# Am I too late?



## rockerc (Nov 22, 2010)

Never posted in the 50+ thread before, it just seemed too depressing. Now I am over 60 I feel like it might be time! Better late than never I guess 

Riding strong now, gonna keep doing this for as many years as I can.


----------



## Guest (Apr 2, 2017)

young man yer tardy, now please take a seat in the chair over in the corner of the room and wait till i call you.


----------



## rockerc (Nov 22, 2010)

Does the chair have wheels?


----------



## DIRTJUNKIE (Oct 18, 2000)

Never too late RC and it's good to see you in here. It's a bit slow over here but that's to be expected. 

Feel free to join the 50 plus shout out.

http://forums.mtbr.com/fifty-years-old/official-50-years-old-age-poll-thread-993787.html


----------



## Guest (Apr 2, 2017)

rockerc said:


> Does the chair have wheels?


one so as to practice ones uni skills.


----------



## chazpat (Sep 23, 2006)

Wait a minute, we're supposed to be depressed we're here? I thought we are supposed to be proud we've made it this far.


----------



## rockerc (Nov 22, 2010)

That was then and this is now! I am so proud to be tackling trails that would have beaten me in my callow youth!
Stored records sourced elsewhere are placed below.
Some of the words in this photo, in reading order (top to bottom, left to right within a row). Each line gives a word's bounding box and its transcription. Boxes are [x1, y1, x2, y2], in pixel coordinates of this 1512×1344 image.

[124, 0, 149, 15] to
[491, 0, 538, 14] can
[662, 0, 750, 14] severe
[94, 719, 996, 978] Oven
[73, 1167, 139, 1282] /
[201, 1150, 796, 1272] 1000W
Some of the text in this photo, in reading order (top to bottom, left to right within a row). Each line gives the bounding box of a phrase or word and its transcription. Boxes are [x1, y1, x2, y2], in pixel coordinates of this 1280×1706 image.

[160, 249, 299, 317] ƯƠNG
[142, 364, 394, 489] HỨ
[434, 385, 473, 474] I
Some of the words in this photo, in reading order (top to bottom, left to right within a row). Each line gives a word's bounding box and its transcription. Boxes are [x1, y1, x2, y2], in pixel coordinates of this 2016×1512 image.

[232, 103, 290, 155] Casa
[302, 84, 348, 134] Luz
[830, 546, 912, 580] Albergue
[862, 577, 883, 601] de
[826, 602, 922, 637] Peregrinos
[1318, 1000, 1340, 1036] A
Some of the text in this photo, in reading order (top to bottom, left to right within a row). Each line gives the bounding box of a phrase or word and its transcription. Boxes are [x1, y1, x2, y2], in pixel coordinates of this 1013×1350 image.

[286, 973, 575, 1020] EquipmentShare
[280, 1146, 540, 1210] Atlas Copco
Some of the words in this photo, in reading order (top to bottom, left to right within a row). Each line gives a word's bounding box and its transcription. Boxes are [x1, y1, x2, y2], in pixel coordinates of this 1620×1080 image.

Technology helps, but experience trumps all!


----------



## Dr Evil (Sep 20, 2015)

Jack Lalanne used to say old age is always 10 years away.


----------



## Cleared2land (Aug 31, 2012)

Old? 

It's better than the alternative.


----------



## OldManBiker (Nov 5, 2016)

My only regret is that I did't discover MTB riding 10-20 years ago. I think of all that money wasted in stinking, depressing, money sucking gyms. But I'm here now and that's all that counts!


----------



## Cleared2land (Aug 31, 2012)

Yep, you're here now. Reap the benefits!


----------



## Sparticus (Dec 28, 1999)

I've said it before and I'll say it again.
We don't quit riding because we get old.
We get old because we quit riding.
=sParty


----------



## DIRTJUNKIE (Oct 18, 2000)

OldManBiker said:


> My only regret is that I did't discover MTB riding 10-20 years ago. I think of all that money wasted in stinking, depressing, money sucking gyms. But I'm here now and that's all that counts!


I've never been one to stick with a gym regime for long. Memberships paid with few visits. Luckily I did discover this sport in my mid 30's. I'm 55 now and have maintained a pretty good fitness level because of this sport. What better way to stay in shape than to be out amongst nature enjoying your workout. The only thing I enjoyed about fitness clubs was the yoga pants.


----------